The Southern Ocean is the only ocean that encircles the globe unimpeded by a land mass. It is home to the largest of the world’s ocean currents: the Antarctic Circumpolar Current (ACC). The ACC carries between 135 and 145 million cu. m of water per second from west to east along a 12,427-mi. (20,000-km) path around Antarctica, thus transporting 150 times more water around the globe than the total flow of all the world’s rivers. By connecting the Atlantic, Pacific, and Indian Oceans, the ACC redistributes heat around the Earth and so exerts a powerful influence on global climate.

Near the Antarctic continent, the Southern Ocean is a source of cold, dense water that is an essential driving force in the large-scale circulation of the world’s oceans. The cooling of the ocean and the formation of sea ice during winter increases the density of the water, which sinks from the sea surface into the deep sea.
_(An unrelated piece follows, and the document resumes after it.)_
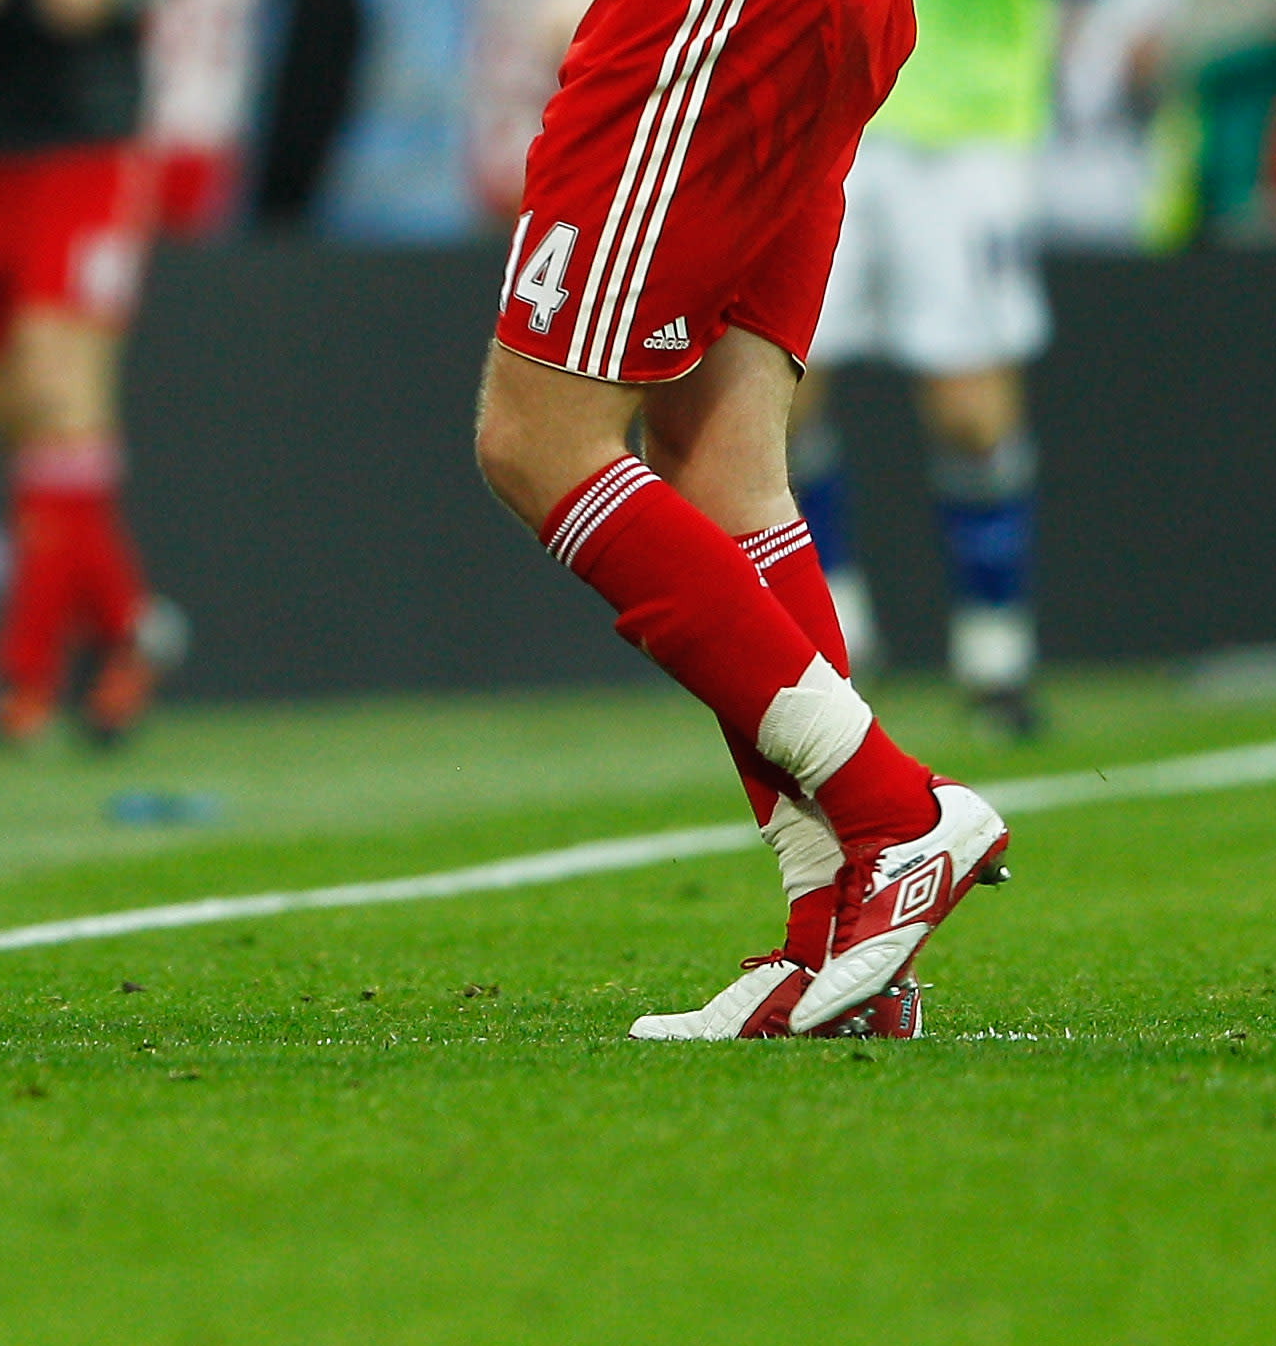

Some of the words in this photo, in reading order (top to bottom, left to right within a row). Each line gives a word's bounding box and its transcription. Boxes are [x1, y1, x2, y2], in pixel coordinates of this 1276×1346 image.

[499, 210, 580, 335] 14
[643, 336, 690, 350] adidas
[900, 991, 914, 1030] umb
This cold, high-salinity water includes Antarctic Bottom Water and Antarctic Intermediate Water. Antarctic Bottom Water originates on the continental shelf close to Antarctica, spills off the continental shelf, and travels slowly northward, hugging the seafloor beneath other water masses, moving as far as the North Atlantic and North Pacific. Antarctic Intermediate Water is less saline and forms farther north, when cold surface waters sink beneath warmer sub-Antarctic waters at the Antarctic Convergence at about 55 degrees S. Together, these motions form a complex, three-dimensional pattern of ocean currents that extends around the globe, known as the thermohaline circulation, or “great ocean conveyor.” The thermohaline circulation has a critical influence on climate by transporting heat efficiently around the globe and by controlling how much dissolved inorganic carbon is stored in the ocean.

At the sea surface, seawater exchanges gases such as oxygen and carbon dioxide with the atmosphere at the same time that it is being cooled. As a result, sinking water efficiently transfers changes in temperature, freshwater, and dissolved gases into the deep ocean 2.5 to 3 mi. (4 to 5 km) beneath the sea surface; in terms of carbon sequestration, this is called the solubility pump. Biological processes also play a role in the surface layer, where photosynthesis by single-celled marine phytoplankton can sequester carbon dioxide in the surface water and, through the process of sedimentation, transfer this organic carbon to deeper waters—the biological pump.